When someone surpassed him in something, Choyke remarked to a friend, "He ellipsed me in that area." He once confessed to "overlistening to someone's conversation." He prefaced an explanation with the warning, "You might find my wordology misleading." When someone was fired, Choyke pronounced him "extinct in terms of his job." On his football skills as a child: "I used to be a very precise short-term passer." On the marriage of a young woman to a much older man: "That's financial comfortability."

The list seems endless. Before his maiden trip to southern California, he observed, "From what little I know about myself, I think I'm going to like Los Angeles." He once asked a waitress for a bloody mary that was not spicy this way: "Make mine sort of mediocre." On going to an optometrist: "I don't want to get the wrong prescription if, in fact, my eyes have disimproved." Reconstructing a conversation: "Now, I'm going to misparaphrase him."

Choyke, who specializes in military affairs reporting for the Dallas Morning News here, knows that what comes out of his mouth isn't always pretty.

"I've thought about this," he says, "and I think basically it's being of a high energy-- my mind is quicker than my tongue. Occasionally I'll throw one in just to loosen people up or to get the joke, but that happens less frequent than the natural flow of words."


Sometimes a Choykism creeps into his writing.
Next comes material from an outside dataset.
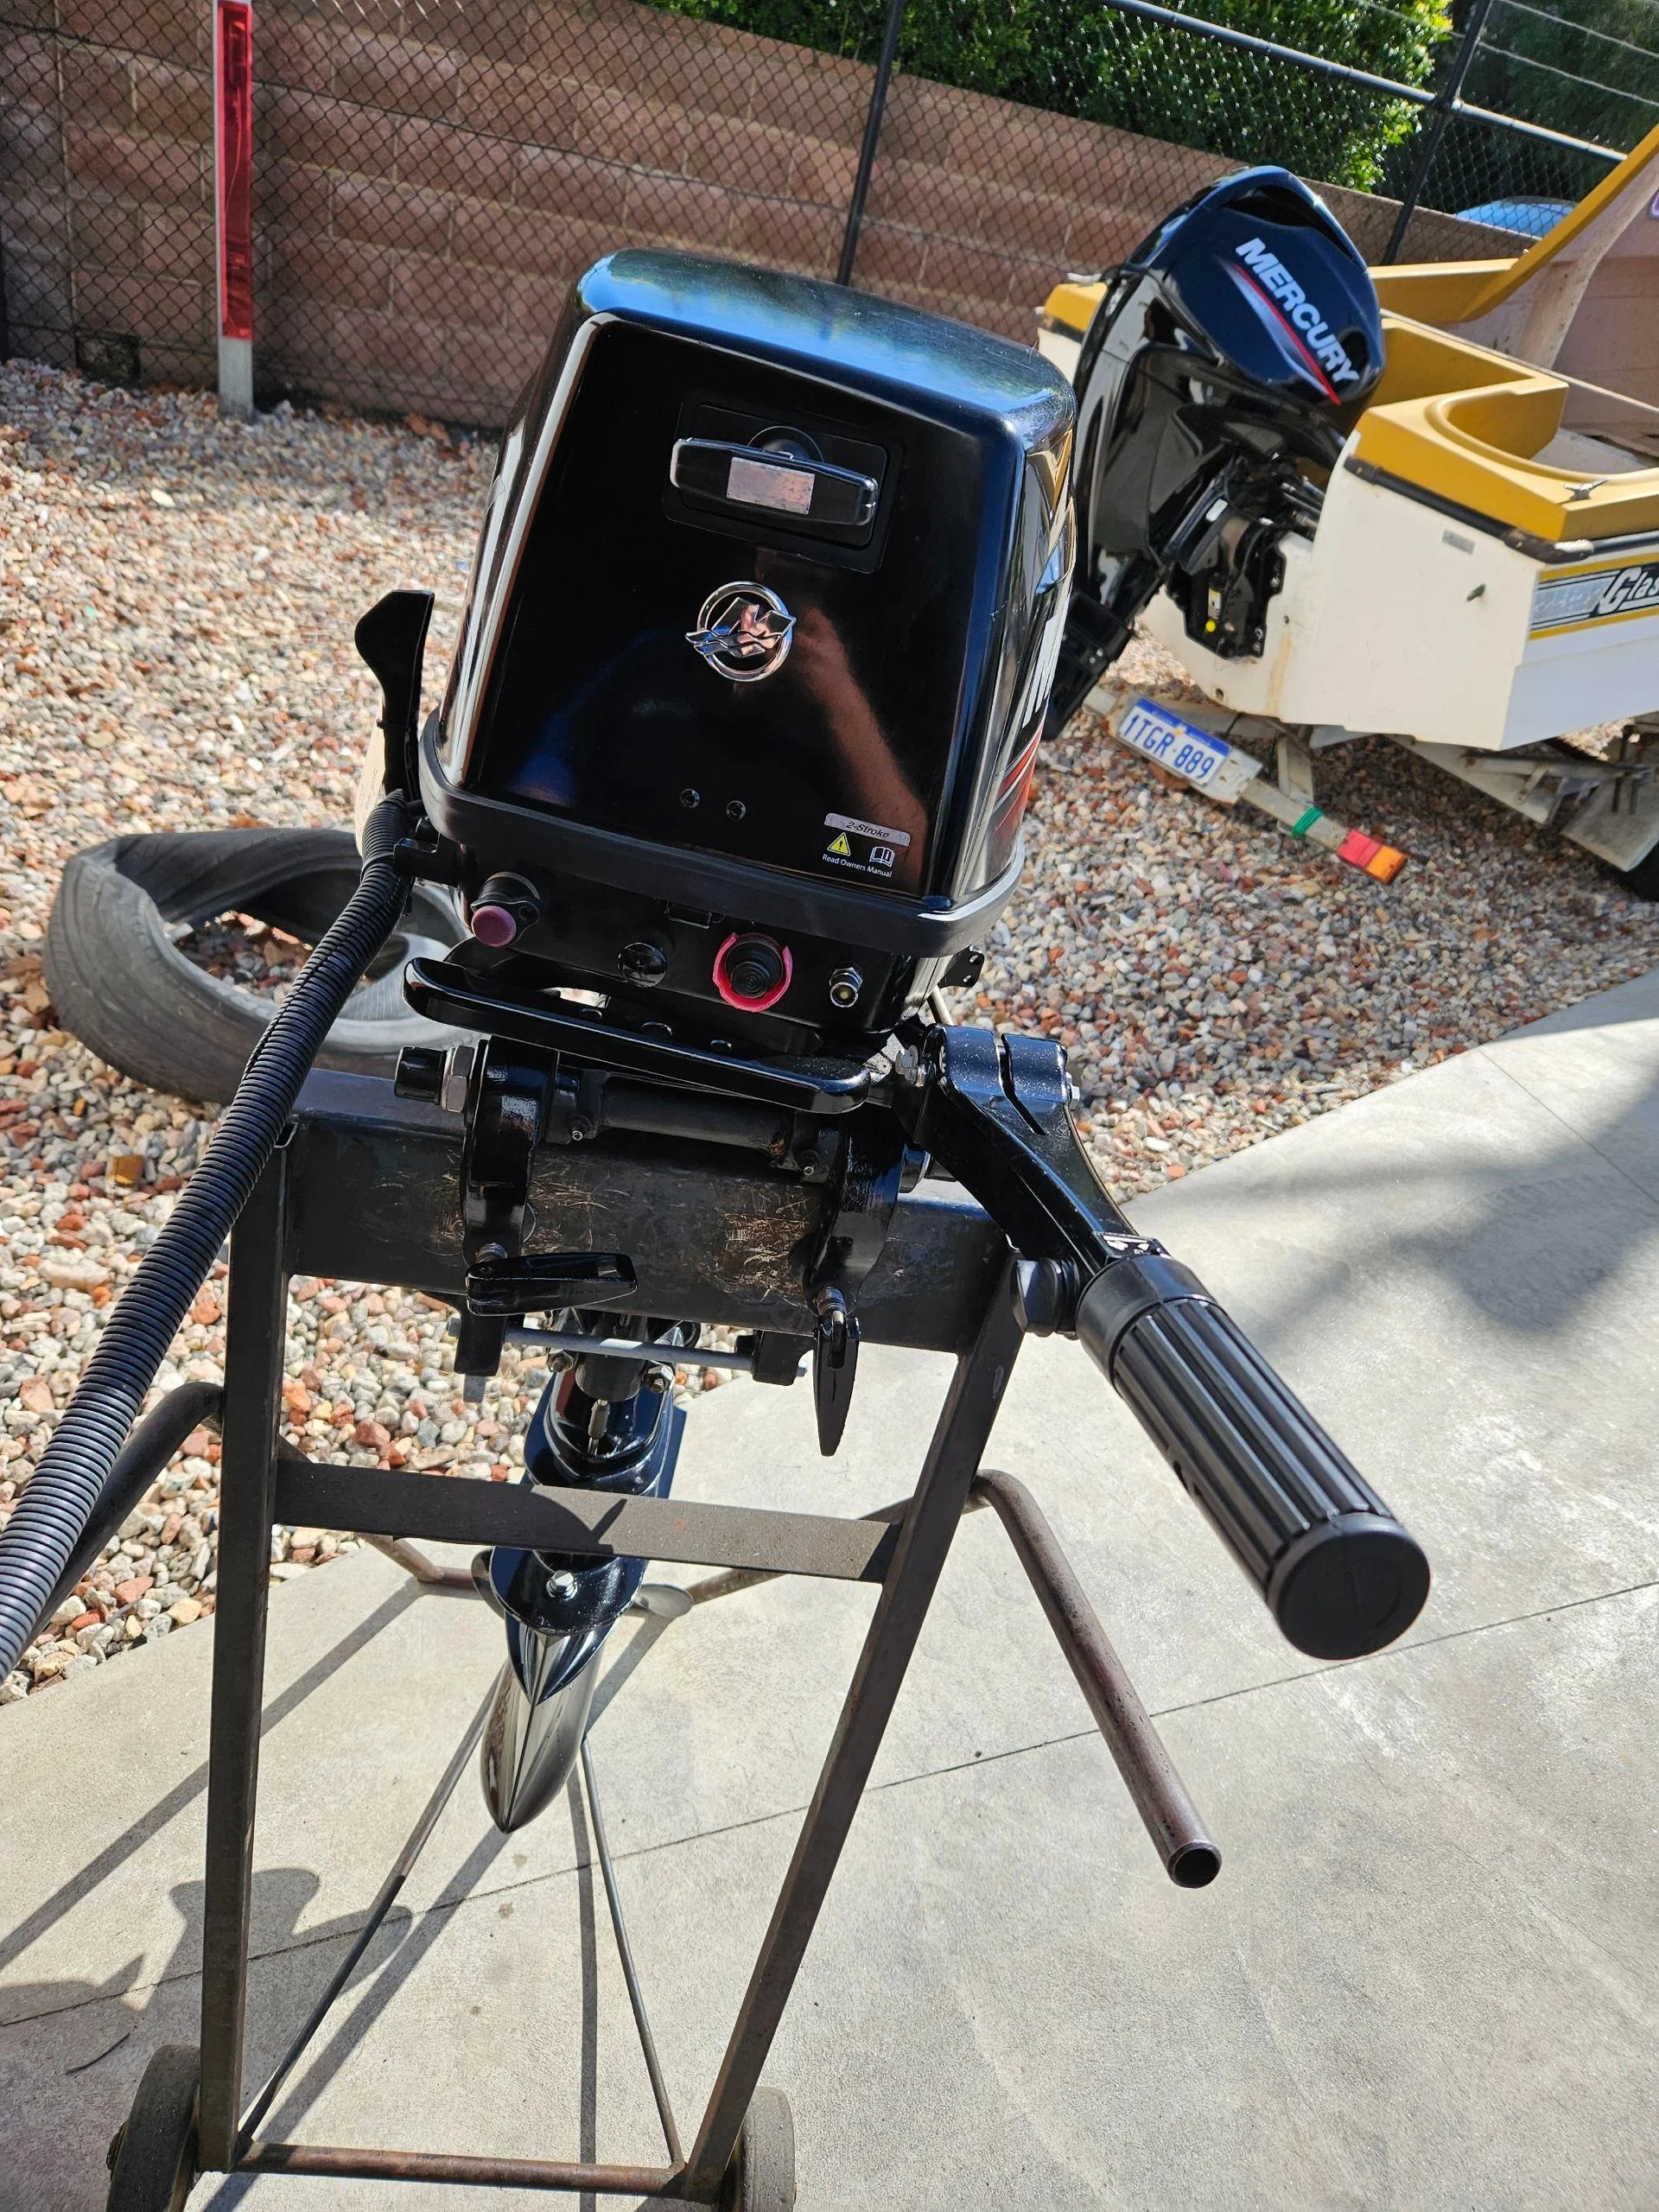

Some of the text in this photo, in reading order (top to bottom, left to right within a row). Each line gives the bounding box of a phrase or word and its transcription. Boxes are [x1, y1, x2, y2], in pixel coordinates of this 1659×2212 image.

[1236, 238, 1359, 383] MERCURY
[846, 821, 890, 838] 2-Stroke
[823, 854, 893, 878] Read Owners Manual
In a profile of Rita Jenrette a couple of years ago, Choyke reported that on the campaign trail the congressman's wife was a "real trooper." And he noted that with her husband's Abscam and drinking problems, she'd apparently begun living life "in the shattered lane."

The shattered lane?

"It meant that life in the fast lane had broken apart, had shattered," says Choyke. "I thought everybody knew what that meant. Now, the 'trooper,' call it lack of knowledge, call it an oversight--the editors just missed it. Occasionally I write them and less occasionally they get in. Of course, I've always thought I was surrounded by good editors making me look good. But dating back since college, I've found editors just didn't have an appreciation for Choykisms."

Sometimes, of course, you have to hear a Choykism to appreciate it, like the time he praised romance by saying "it would be nice to be enveloped in love." Except he pronounced "envelope" like . . . well, you can guess. Usually, though, a Choykism is straightforward, such as:

* "We saw each other across the room and made facial contact--she smit me."

* "The temperature is going to be in the high 30s or early 40s."

* "Jimmy Carter was criticized for diminishing rising expectations."

* "You didn't tell me (your boyfriend) was double-timing you."

* "This evens up for any loose- lipisms I've had in the past."

* "Is the expression 'driven on' or 'driven by your bootstraps?'"

It might appear odd that someone who breaks so many rules of grammar and usage chooses to making a living as a journalist, a specialty that requires some attention to wordcraft. But it's said that we often work so hard to overcome our weaknesses that we wind up specializing in that very subject that causes us so much aggravation. Clumsy people labor to become dancers, stutterers become great orators and sickly youths become bodybuilders. So it would appear with Choyke, who knows life was not meant to be easy. Or, as he once put it, "It's a doggy-dog world."